Heberlein will use the Irreversible Electroporation (IRE), a technique known as “NanoKnife,” that uses very short but high-voltage impulses to selectively facilitate drug penetration. Better drug penetration and high-voltage impulses should kill the tumor cells more reliably while reducing side effects. Heberlein chose this area of research due to its challenges and its potential of immediate benefit for patients.

“Dr. Heberlein’s project will investigate a highly innovative and potentially effective way to treat a disease that at present is almost universally fatal,” said Hedvig Hricak, M.D., Ph.D., member of the R&E Foundation Board of Trustees and past president of the RSNA. “It exemplifies the kind of creative, clinically relevant research that the R&E Foundation was designed to support.”

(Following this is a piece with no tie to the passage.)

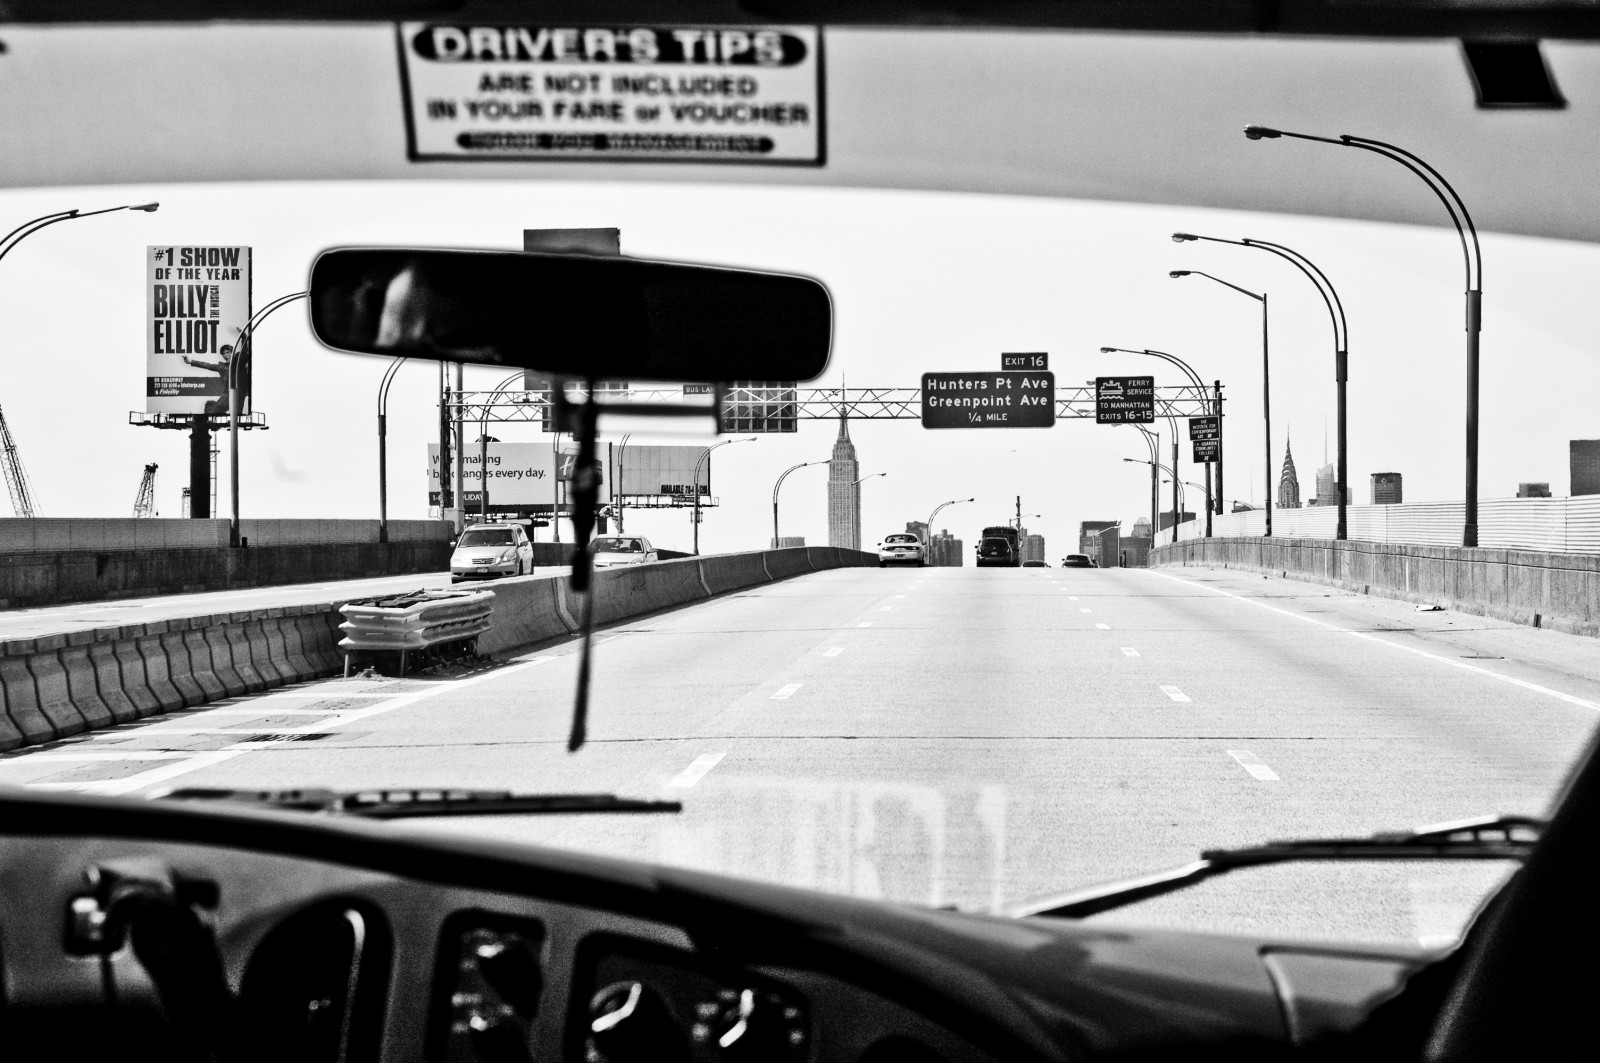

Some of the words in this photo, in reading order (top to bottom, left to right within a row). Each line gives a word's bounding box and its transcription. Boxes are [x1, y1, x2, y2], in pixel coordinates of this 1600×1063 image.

Heberlein said if the treatment is successful it can lead to improvements in patient care that also can be used in other types of cancers.

The grant proposal was developed under the mentorship of Michael Borrelli, Ph.D., professor of radiology and biophysics in the UAMS College of Medicine and associate director of the Arkansas Nanomedicine Center. Peter Crooks, Ph.D., chair of the UAMS College of Pharmacy Department of Pharmaceutical Sciences, also will serve as Heberlein’s mentor.